• EXERCISE DESCRIPTION: Copy out each line featuring the string "reading" from the entries beneath.
---
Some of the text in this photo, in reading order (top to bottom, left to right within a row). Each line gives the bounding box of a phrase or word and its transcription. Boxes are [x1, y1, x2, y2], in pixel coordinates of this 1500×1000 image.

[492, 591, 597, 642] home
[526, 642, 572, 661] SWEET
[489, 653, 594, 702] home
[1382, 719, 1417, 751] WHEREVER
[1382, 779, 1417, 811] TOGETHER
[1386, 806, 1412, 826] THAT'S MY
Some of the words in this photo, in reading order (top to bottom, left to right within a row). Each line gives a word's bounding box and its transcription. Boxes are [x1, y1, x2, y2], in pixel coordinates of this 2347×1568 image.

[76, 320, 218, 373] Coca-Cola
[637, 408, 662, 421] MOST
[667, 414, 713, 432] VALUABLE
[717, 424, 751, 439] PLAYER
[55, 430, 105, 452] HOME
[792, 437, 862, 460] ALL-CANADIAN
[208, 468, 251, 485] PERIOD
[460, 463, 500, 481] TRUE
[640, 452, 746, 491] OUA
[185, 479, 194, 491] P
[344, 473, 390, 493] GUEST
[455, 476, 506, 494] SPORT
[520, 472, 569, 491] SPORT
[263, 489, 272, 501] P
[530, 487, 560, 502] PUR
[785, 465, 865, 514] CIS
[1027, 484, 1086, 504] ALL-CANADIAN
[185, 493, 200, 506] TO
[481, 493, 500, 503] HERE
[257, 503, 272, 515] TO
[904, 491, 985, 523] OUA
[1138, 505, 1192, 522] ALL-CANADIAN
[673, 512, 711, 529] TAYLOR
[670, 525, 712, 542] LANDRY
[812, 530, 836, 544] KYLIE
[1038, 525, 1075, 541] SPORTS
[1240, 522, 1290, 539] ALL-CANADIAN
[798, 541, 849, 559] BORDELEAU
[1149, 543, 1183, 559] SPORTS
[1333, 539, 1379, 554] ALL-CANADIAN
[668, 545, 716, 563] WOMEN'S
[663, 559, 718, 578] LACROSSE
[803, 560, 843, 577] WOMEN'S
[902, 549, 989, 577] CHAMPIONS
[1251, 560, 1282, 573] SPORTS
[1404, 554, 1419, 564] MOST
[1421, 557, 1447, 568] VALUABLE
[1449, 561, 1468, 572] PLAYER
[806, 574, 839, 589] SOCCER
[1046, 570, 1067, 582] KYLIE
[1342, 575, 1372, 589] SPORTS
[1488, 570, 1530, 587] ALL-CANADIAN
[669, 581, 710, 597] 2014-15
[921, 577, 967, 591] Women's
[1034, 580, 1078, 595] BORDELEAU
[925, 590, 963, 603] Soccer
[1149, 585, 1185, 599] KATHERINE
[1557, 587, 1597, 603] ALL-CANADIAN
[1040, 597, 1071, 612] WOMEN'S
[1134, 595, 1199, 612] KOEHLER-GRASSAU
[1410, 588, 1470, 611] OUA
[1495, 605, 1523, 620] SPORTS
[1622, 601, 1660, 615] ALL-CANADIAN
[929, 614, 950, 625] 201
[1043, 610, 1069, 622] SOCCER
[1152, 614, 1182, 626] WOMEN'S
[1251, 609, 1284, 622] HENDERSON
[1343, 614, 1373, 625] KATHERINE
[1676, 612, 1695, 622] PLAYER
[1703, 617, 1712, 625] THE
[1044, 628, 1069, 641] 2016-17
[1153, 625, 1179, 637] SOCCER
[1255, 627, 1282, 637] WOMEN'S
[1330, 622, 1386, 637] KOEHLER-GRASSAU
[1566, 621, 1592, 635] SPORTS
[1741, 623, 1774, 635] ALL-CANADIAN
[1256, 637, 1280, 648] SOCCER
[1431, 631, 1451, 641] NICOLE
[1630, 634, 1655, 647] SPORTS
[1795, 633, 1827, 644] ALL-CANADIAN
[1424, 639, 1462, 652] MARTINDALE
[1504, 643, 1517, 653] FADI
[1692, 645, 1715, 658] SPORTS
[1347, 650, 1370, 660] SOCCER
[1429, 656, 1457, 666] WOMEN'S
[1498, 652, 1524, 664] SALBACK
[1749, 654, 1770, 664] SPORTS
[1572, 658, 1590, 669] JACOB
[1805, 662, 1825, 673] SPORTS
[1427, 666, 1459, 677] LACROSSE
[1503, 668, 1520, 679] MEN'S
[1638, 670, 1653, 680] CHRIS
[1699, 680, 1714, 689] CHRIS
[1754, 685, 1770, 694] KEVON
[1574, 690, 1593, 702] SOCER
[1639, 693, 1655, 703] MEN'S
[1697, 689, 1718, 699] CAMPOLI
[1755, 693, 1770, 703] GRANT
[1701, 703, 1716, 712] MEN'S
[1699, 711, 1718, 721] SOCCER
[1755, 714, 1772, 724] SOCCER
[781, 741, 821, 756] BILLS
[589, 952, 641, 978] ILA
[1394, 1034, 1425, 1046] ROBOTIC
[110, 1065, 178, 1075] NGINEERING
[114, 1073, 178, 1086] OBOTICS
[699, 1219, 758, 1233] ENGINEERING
---
• WORKED SOLUTION:
Some of the text in this photo, in reading order (top to bottom, left to right within a row). Each line gives the bounding box of a phrase or word and its transcription. Boxes are [x1, y1, x2, y2], in pixel coordinates of this 1500×1000 image.
Some of the words in this photo, in reading order (top to bottom, left to right within a row). Each line gives a word's bounding box and its transcription. Boxes are [x1, y1, x2, y2], in pixel coordinates of this 2347×1568 image.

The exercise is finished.